[INFORMATION GIVEN]
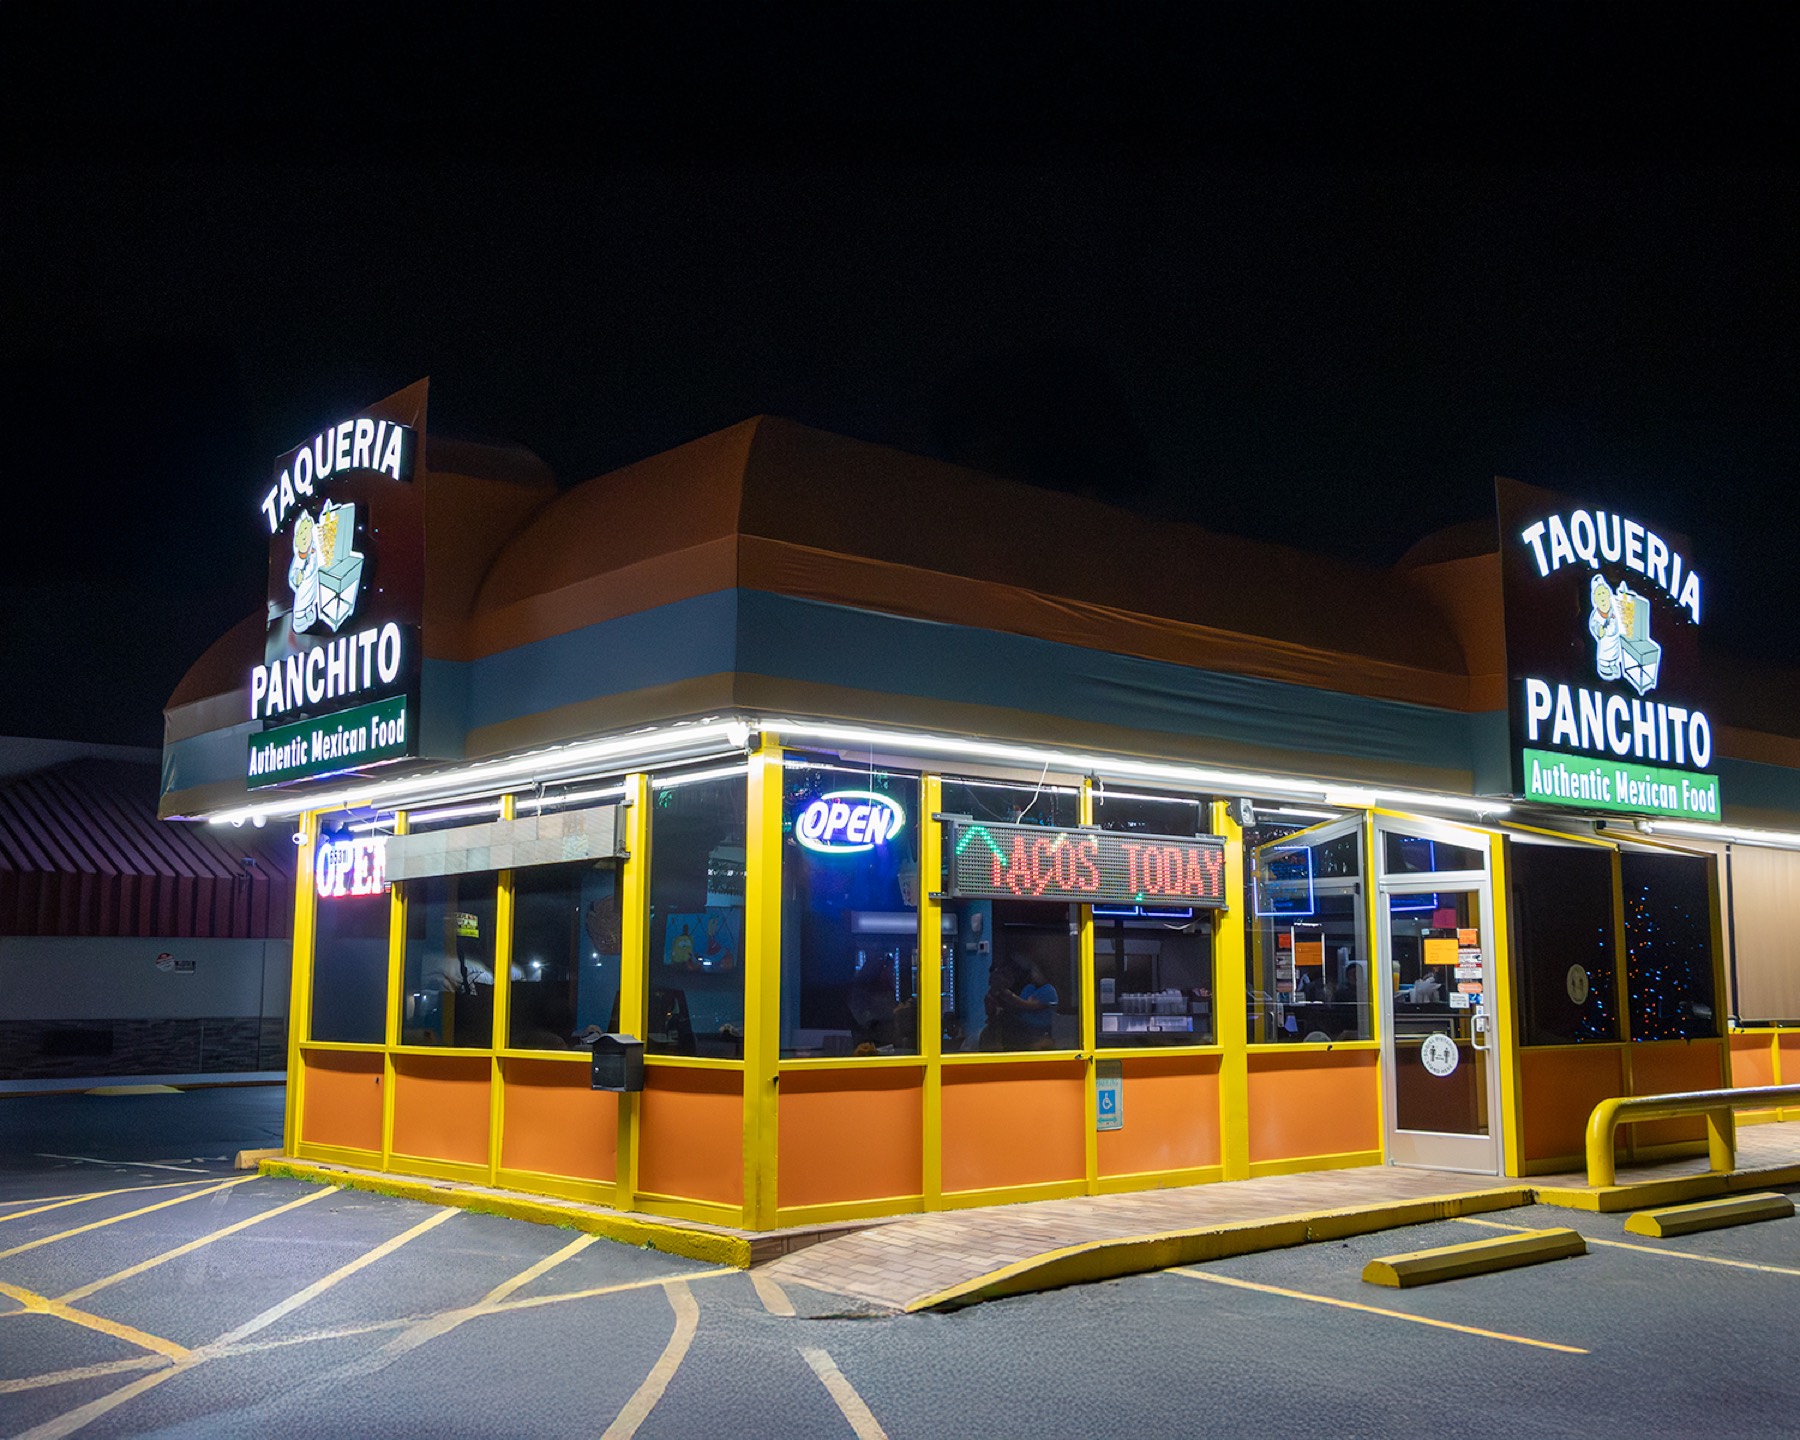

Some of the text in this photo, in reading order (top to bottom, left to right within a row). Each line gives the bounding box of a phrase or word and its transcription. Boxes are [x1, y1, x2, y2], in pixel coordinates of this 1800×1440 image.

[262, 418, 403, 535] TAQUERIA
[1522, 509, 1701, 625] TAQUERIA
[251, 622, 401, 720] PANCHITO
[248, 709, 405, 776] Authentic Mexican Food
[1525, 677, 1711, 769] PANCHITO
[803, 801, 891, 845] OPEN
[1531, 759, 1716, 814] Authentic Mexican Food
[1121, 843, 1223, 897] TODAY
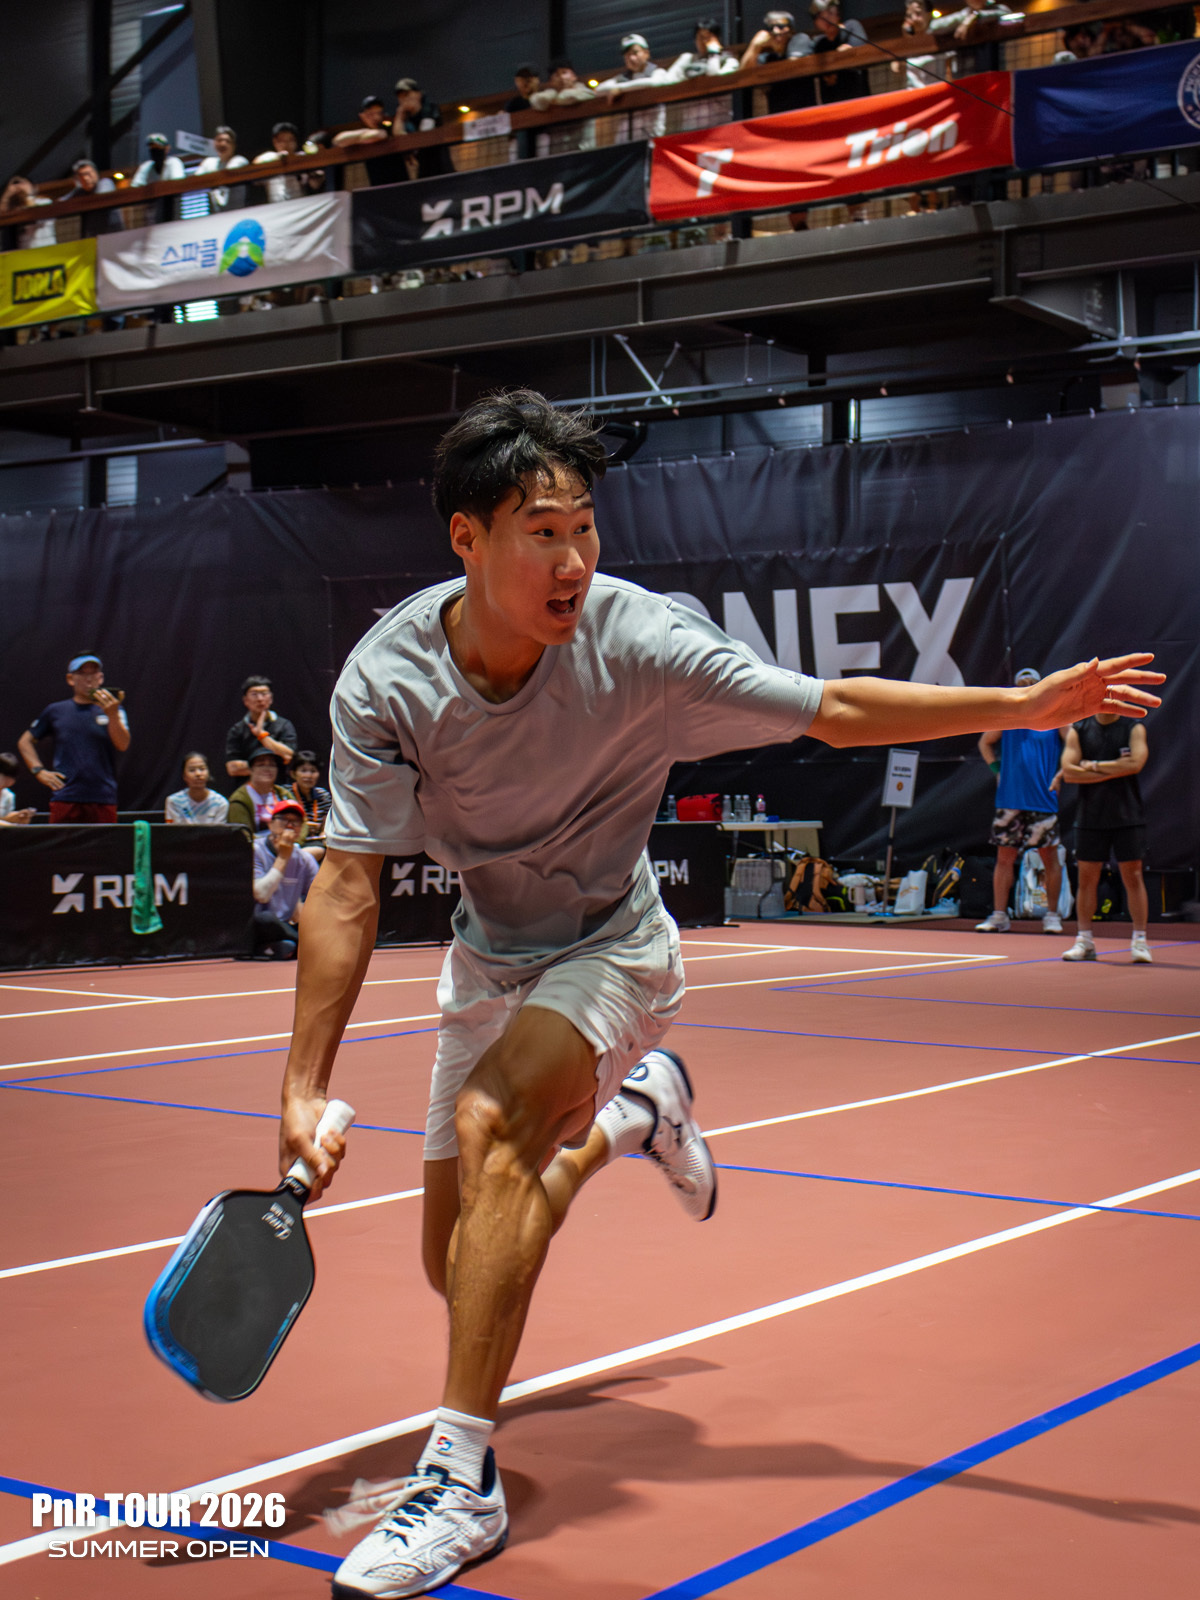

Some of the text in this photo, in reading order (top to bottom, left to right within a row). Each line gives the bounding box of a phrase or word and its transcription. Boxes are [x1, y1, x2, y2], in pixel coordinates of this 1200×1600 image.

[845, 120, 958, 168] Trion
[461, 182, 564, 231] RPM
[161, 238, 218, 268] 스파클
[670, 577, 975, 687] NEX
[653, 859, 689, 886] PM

[WHAT YOU HAVE TO DO] The entries above are to be repeated exactly, except for any pictures.

[ANSWER TO THE PROBLEM]
Some of the text in this photo, in reading order (top to bottom, left to right within a row). Each line gives the bounding box of a phrase or word and its transcription. Boxes are [x1, y1, x2, y2], in pixel coordinates of this 1800×1440 image.

[262, 418, 403, 535] TAQUERIA
[1522, 509, 1701, 625] TAQUERIA
[251, 622, 401, 720] PANCHITO
[248, 709, 405, 776] Authentic Mexican Food
[1525, 677, 1711, 769] PANCHITO
[803, 801, 891, 845] OPEN
[1531, 759, 1716, 814] Authentic Mexican Food
[1121, 843, 1223, 897] TODAY

Some of the text in this photo, in reading order (top to bottom, left to right within a row). Each line gives the bounding box of a phrase or word and its transcription. Boxes are [x1, y1, x2, y2], in pixel coordinates of this 1200×1600 image.

[845, 120, 958, 168] Trion
[461, 182, 564, 231] RPM
[161, 238, 218, 268] 스파클
[670, 577, 975, 687] NEX
[653, 859, 689, 886] PM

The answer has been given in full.